BEGIN Supplied material

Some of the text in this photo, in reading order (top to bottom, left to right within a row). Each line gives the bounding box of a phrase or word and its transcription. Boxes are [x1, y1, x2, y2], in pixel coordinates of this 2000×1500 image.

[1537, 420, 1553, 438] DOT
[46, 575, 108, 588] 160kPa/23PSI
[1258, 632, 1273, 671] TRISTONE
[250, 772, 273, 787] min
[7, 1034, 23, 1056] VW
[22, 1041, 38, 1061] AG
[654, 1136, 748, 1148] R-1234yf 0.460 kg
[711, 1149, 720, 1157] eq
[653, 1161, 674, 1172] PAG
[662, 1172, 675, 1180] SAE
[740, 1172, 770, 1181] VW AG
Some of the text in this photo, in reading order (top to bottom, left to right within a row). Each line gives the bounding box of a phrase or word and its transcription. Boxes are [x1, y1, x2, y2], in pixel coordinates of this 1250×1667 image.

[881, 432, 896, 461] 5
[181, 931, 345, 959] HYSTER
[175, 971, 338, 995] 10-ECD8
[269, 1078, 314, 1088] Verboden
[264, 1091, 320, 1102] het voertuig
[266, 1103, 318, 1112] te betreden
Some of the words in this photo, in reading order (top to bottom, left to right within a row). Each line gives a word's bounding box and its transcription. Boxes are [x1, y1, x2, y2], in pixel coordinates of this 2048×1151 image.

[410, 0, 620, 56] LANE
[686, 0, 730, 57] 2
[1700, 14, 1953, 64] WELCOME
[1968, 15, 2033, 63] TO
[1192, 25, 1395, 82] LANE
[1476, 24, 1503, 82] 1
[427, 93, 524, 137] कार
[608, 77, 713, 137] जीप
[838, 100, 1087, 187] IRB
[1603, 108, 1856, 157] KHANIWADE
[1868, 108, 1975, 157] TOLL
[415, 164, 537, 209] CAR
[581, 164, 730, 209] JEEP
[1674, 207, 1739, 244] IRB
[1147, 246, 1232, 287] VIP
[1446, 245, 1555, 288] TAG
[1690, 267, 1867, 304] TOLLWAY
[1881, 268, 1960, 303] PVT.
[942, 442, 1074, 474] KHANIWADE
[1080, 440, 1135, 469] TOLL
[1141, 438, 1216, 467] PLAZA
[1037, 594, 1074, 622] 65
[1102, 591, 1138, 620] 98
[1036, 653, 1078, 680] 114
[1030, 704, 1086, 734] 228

END Supplied material

**What needs to be done:** Output the entries verbatim.

**Answer space:**
Some of the text in this photo, in reading order (top to bottom, left to right within a row). Each line gives the bounding box of a phrase or word and its transcription. Boxes are [x1, y1, x2, y2], in pixel coordinates of this 2000×1500 image.

[1537, 420, 1553, 438] DOT
[46, 575, 108, 588] 160kPa/23PSI
[1258, 632, 1273, 671] TRISTONE
[250, 772, 273, 787] min
[7, 1034, 23, 1056] VW
[22, 1041, 38, 1061] AG
[654, 1136, 748, 1148] R-1234yf 0.460 kg
[711, 1149, 720, 1157] eq
[653, 1161, 674, 1172] PAG
[662, 1172, 675, 1180] SAE
[740, 1172, 770, 1181] VW AG
Some of the text in this photo, in reading order (top to bottom, left to right within a row). Each line gives the bounding box of a phrase or word and its transcription. Boxes are [x1, y1, x2, y2], in pixel coordinates of this 1250×1667 image.

[881, 432, 896, 461] 5
[181, 931, 345, 959] HYSTER
[175, 971, 338, 995] 10-ECD8
[269, 1078, 314, 1088] Verboden
[264, 1091, 320, 1102] het voertuig
[266, 1103, 318, 1112] te betreden
Some of the words in this photo, in reading order (top to bottom, left to right within a row). Each line gives a word's bounding box and its transcription. Boxes are [x1, y1, x2, y2], in pixel coordinates of this 2048×1151 image.

[410, 0, 620, 56] LANE
[686, 0, 730, 57] 2
[1700, 14, 1953, 64] WELCOME
[1968, 15, 2033, 63] TO
[1192, 25, 1395, 82] LANE
[1476, 24, 1503, 82] 1
[427, 93, 524, 137] कार
[608, 77, 713, 137] जीप
[838, 100, 1087, 187] IRB
[1603, 108, 1856, 157] KHANIWADE
[1868, 108, 1975, 157] TOLL
[415, 164, 537, 209] CAR
[581, 164, 730, 209] JEEP
[1674, 207, 1739, 244] IRB
[1147, 246, 1232, 287] VIP
[1446, 245, 1555, 288] TAG
[1690, 267, 1867, 304] TOLLWAY
[1881, 268, 1960, 303] PVT.
[942, 442, 1074, 474] KHANIWADE
[1080, 440, 1135, 469] TOLL
[1141, 438, 1216, 467] PLAZA
[1037, 594, 1074, 622] 65
[1102, 591, 1138, 620] 98
[1036, 653, 1078, 680] 114
[1030, 704, 1086, 734] 228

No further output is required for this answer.